A few days later, we were all called together and informed that arrangements had been made for us to be transported to another place and that we should be ready to move out the next morning early. We had nothing to pack so we could leave on a moments notice. We had been able to bathe but we had not been able to wash any clothing, including our underwear, so we were all a little ripe.
The next morning, after breakfast, we were told to go to the road and wait. We did. After a short time, a truck came along with a load of logs. They were piled high and tied down with ropes to keep them in place. This was our ride out of there. Not first class, but better than walking, so we climbed aboard and off we went. We had two more to our group at this point--a young couple--but who they were or why they came out with us I never knew. Because they were Spanish, we were not able to talk to them. The ride was not the most pleasant trip I have ever taken, but in that rugged terrain it sure beat walking.
We rode most of the day, passing men at work in the fields, and sighting quite a few wrecked vehicles, tanks and trucks just abandoned in the ravines. These were left from the Spanish civil war, left to rot and rust as a monument to mans inability to get along, even with his own people. The truck was old, very slow, and the road was quite steep both up and down. The day was most pleasant and not too hot, even though we were right out in the sun.

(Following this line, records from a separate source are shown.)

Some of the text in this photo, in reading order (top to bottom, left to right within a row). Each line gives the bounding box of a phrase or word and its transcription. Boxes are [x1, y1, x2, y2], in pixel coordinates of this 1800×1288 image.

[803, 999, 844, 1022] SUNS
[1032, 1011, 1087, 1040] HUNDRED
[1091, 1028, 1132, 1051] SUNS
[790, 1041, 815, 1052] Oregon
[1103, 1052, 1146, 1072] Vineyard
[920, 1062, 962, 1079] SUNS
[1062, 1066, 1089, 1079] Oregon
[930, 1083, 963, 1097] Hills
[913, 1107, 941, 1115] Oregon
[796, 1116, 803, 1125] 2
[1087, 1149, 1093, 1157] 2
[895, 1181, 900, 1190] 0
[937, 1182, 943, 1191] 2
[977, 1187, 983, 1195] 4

We proceeded in this fashion until late in the afternoon finally, arriving at a place with a wall around it. Some people came out, ordered us down and into the walled area. We sat on the ground or walked around to stretch our legs, waiting for the next episode to unfold. Each time things seemed certain, we were faced with a new situation and our nerves would begin to get raw again.
It wasn't long until a man appeared and ushered one of our people into the building. In about five minutes our man reappeared and another person was taken inside. We all crowded around the first man, asking what was going on in there. He said he had been questioned as to his identity and why he was in Spain. He said he explained that he was an American airman and was escaping the Germans and wanted to rejoin his unit in England. This presented no problem, he said, until they had him turn out his pockets and discovered his French identity book. This, of course, had his picture but another name, place of birth, and occupation. They did not seem happy with this but kept the book and told him to go back into the yard. His advice to us was, to get rid of the books, and fast. We all, that is the military people, got our books out and heaved them over the wall. I really hated to do this because it would have been a beautiful souvenir to keep for remembrance. Soon enough, my turn came, and I was taken before a man at a table in the house. He spoke very good English, questioning me as the first man had said as to why I was in the country in an illegal fashion. I also explained why I was there and having nothing in my pockets to contradict my story, I was quickly returned to the yard.
When everyone had been interrogated, the military personnel were directed to the gate, and we left the walled area to find a bus waiting along with a small dark-haired man who proved to be a Spanish fellow who worked for the American Council in Madrid. Our other companions were left behind to their fate and even today, I often wonder what happened to them. It would be painful even for a moment to consider the possibility that they were turned back and into the hands of the Germans. We were well aware that Spain had leaned toward Germany all through the war because of the aid Franco had received from Hitler during Spain's civil war.
The bus started up and off we went, in style this time. We were taken a short distance to a town by the name of Lerida. The bus went to the center of town, stopping in front of a large store of many floors. It was, in fact, a department store. Our man from the embassy told us we were to get new clothes and, because it was so late in the day, all the clerks were gone but the store was being held open for us. Unbelievable! We all went in the store and up to the men's department. We were instructed to pick out a suit, new shoes, two pairs of socks, two sets of underwear, two shirts, and one tie. A man in the store listed our selections and we were ushered back to the bus for another short ride.
We were taken to a spa-type resort that had hot-springs baths with high sulfur and the odor to go along with it. We were given nice clean, albeit small, rooms. The view of the surrounding area was beautiful. We could come and go as we pleased, but again had to be in at dark and stay within the confines of the spa. How we forget the small pleasures of life. What a treat to take a bath and get into fresh clothes. My shoes, which were G. I. issue but dyed black, were held on by a series of small pieces of shoelace. The only laces we could get to replace the brown laces were made of rayon. Now, rayon, when wet, gets weak and breaks, so I wound up with small pieces to hold the shoes on. You think this was a problem? John Katsaros was walking in shoes a couple of sizes too small for him. He had big feet and the people who helped him did the best they could. Imagine walking for weeks in shoes a couple of sizes too small. At last he had a pair that fit. I must tell you here that at no time all through the trip, from Paris to the spa, did John ever complain that his feet were killing him. I guess the poor guy was so shot up he hurt worse elsewhere. The food was good and there was plenty of it; the only problem was, they used oil for all their cooking. Have you ever seen fried eggs, beautiful to look at; sliding around on the serving platter in a sea of oil? We tried to get them to cook the eggs and other stuff with butter but they acted as though they couldnt understand what we wanted. I'll tell you this, between the oil and the beautiful big red ripe cherries and other fruit we could get, we were in a bad way. Our systems could not handle all this, and we more than paid the price.